▶ Goal of the exercise
Would you please transcribe the data in full and exactly, excluding images?

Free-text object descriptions
....

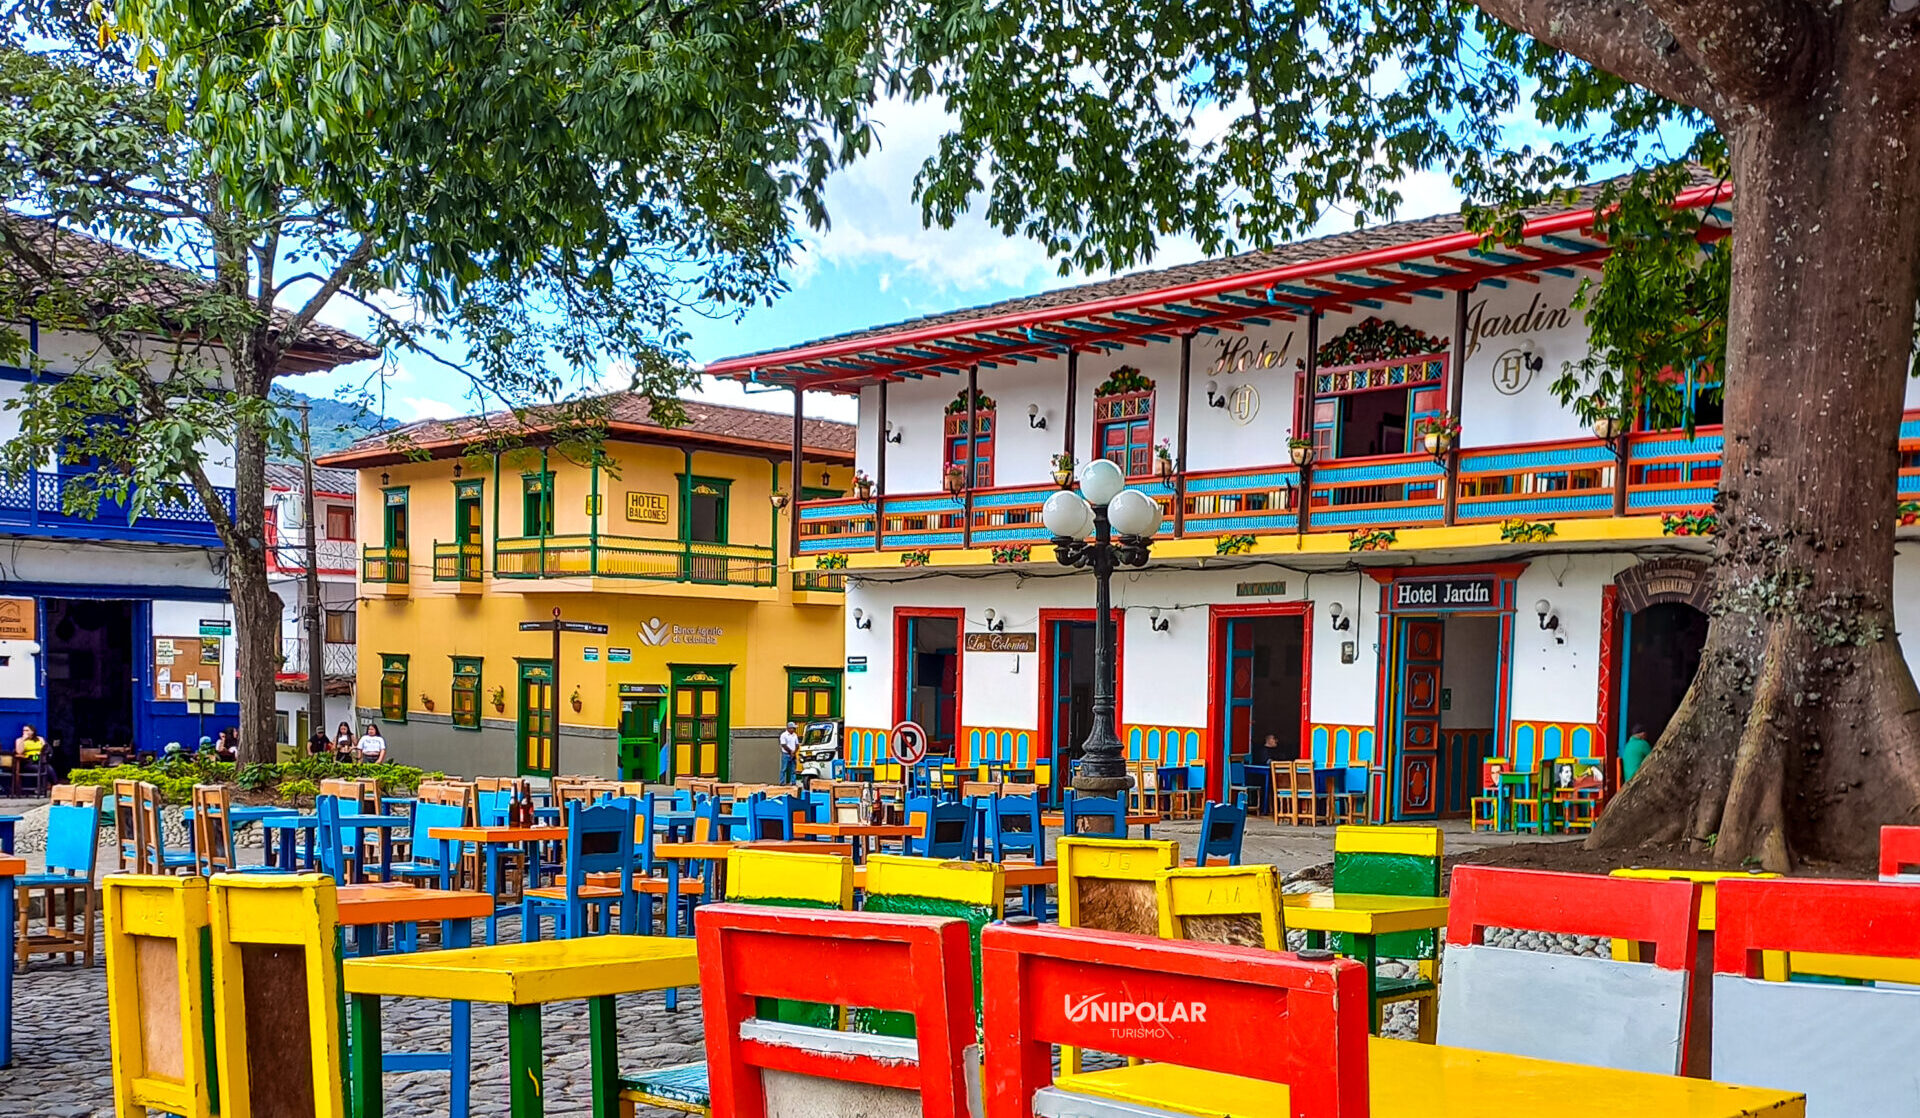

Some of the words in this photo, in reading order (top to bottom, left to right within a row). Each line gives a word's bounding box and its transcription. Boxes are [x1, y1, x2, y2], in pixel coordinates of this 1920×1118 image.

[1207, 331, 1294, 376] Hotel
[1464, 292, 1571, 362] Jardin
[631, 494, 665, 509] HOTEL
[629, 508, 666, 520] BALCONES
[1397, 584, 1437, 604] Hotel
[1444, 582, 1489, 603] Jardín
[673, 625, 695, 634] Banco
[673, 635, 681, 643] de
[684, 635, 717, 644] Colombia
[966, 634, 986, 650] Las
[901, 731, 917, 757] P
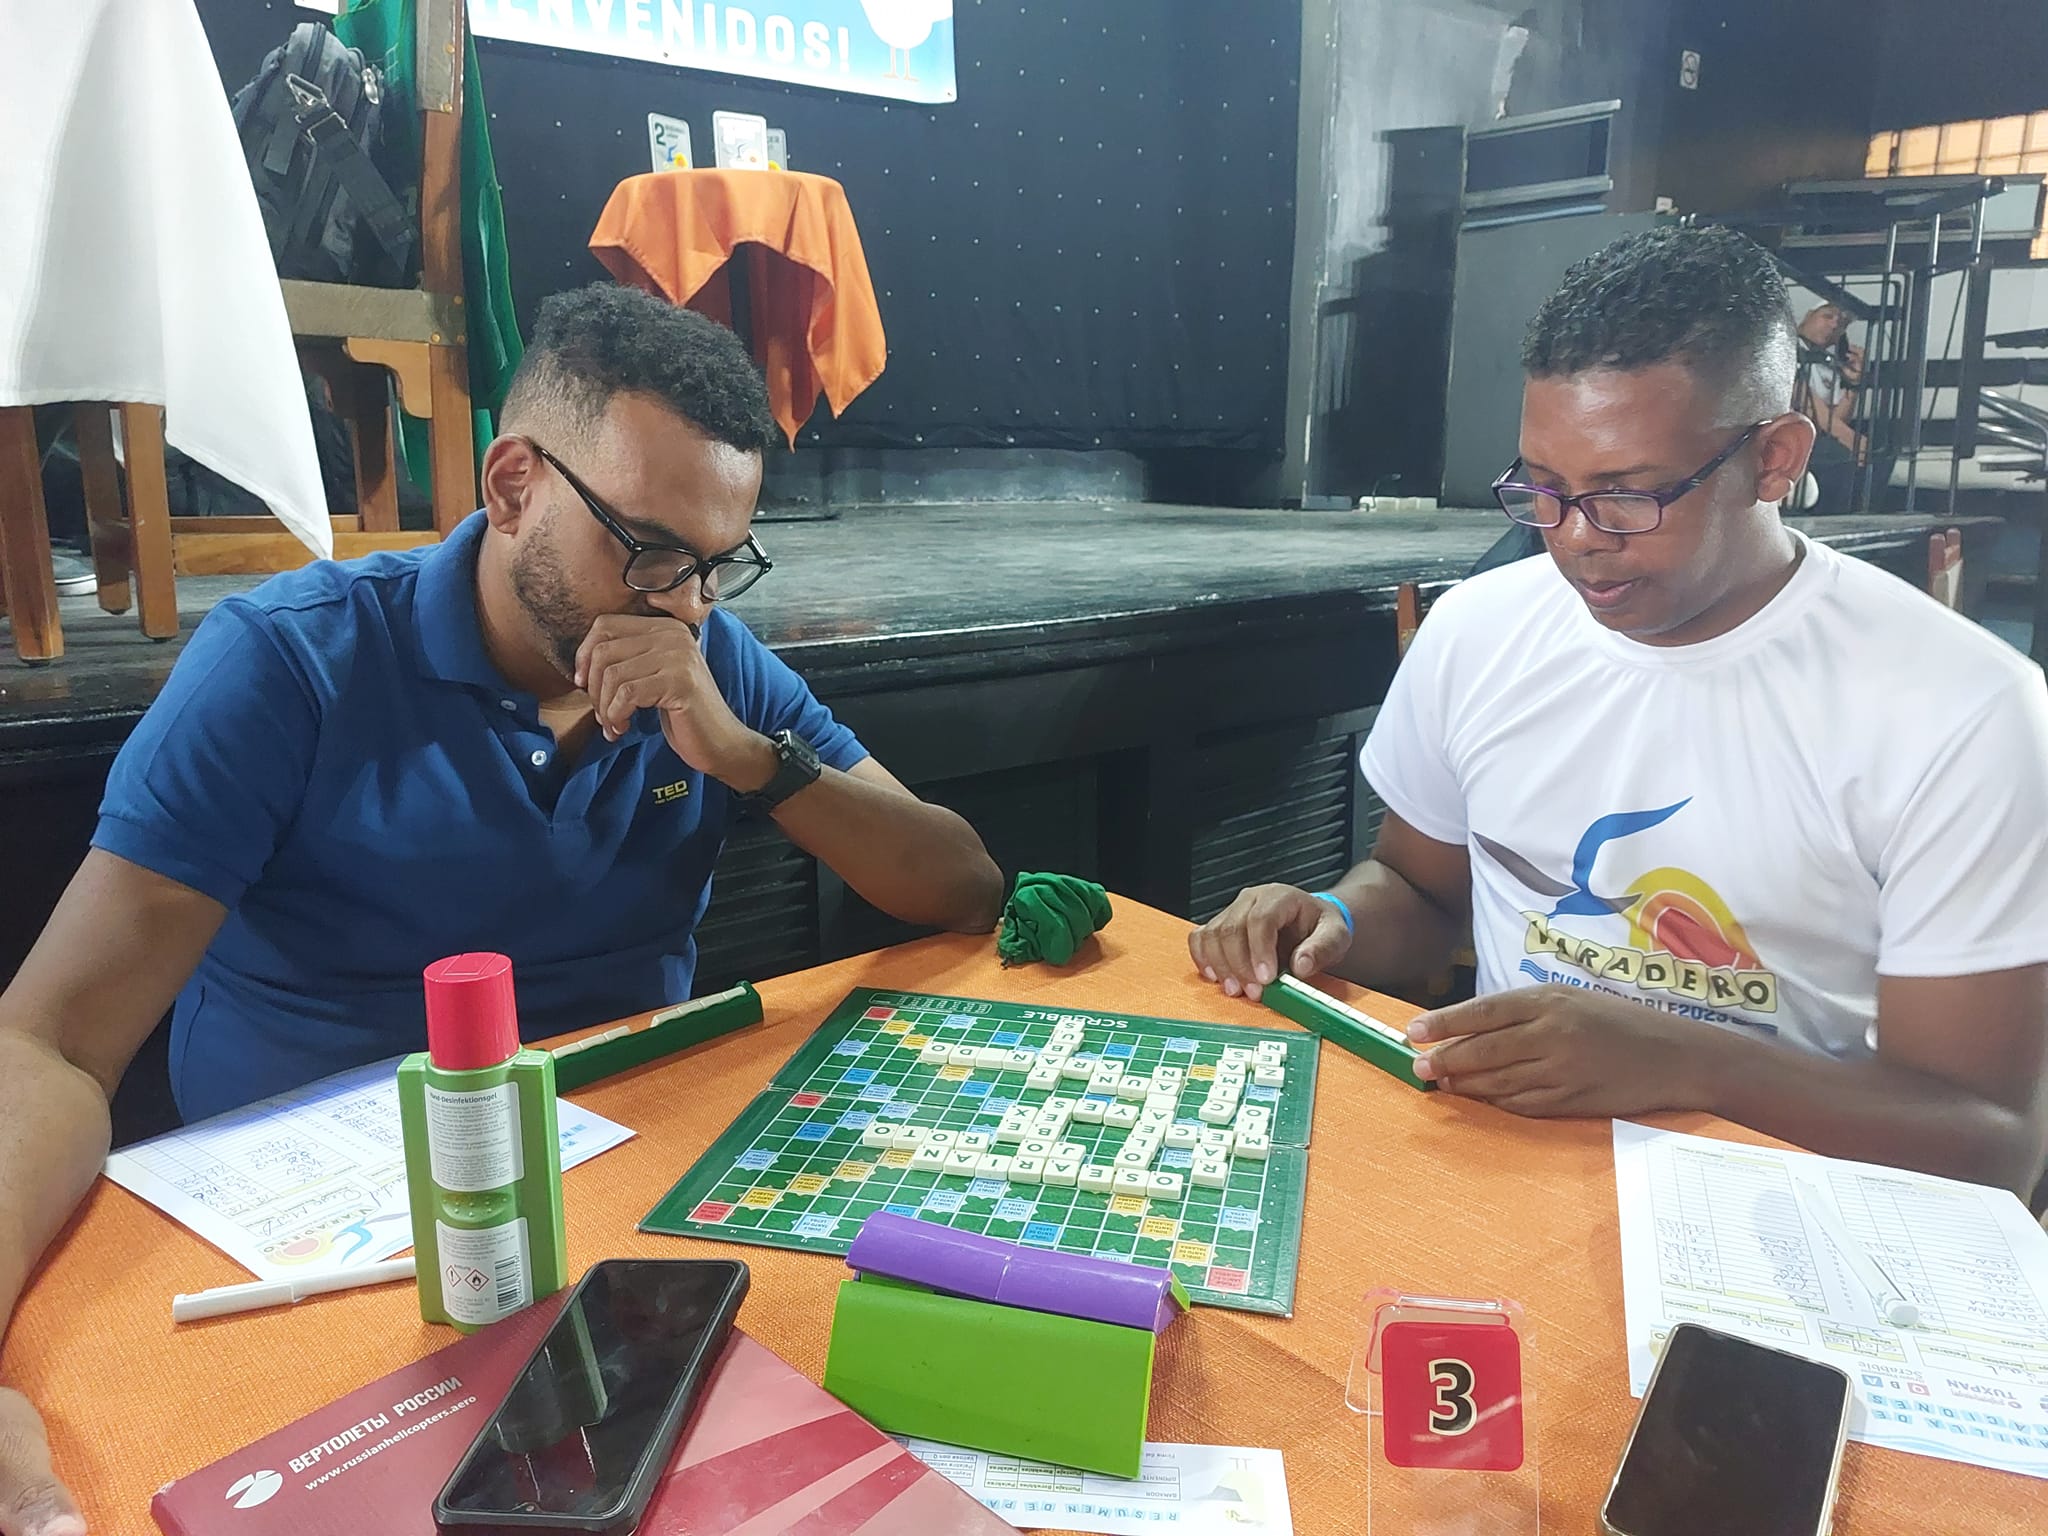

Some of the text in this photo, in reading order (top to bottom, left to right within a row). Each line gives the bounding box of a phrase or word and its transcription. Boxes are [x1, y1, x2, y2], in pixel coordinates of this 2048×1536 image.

....

▶ Exercise answer
Some of the words in this photo, in reading order (top to bottom, left to right within a row). Each line gives a word's bounding box and its transcription. Boxes are [x1, y1, x2, y2], in pixel coordinates of this 1920×1118 image.

[1207, 331, 1294, 376] Hotel
[1464, 292, 1571, 362] Jardin
[631, 494, 665, 509] HOTEL
[629, 508, 666, 520] BALCONES
[1397, 584, 1437, 604] Hotel
[1444, 582, 1489, 603] Jardín
[673, 625, 695, 634] Banco
[673, 635, 681, 643] de
[684, 635, 717, 644] Colombia
[966, 634, 986, 650] Las
[901, 731, 917, 757] P

Some of the text in this photo, in reading order (top to bottom, left to right within a row). Each line gives the bounding box of a phrase or word and its transcription. Boxes are [x1, y1, x2, y2], in pixel coordinates of this 2048×1536 image.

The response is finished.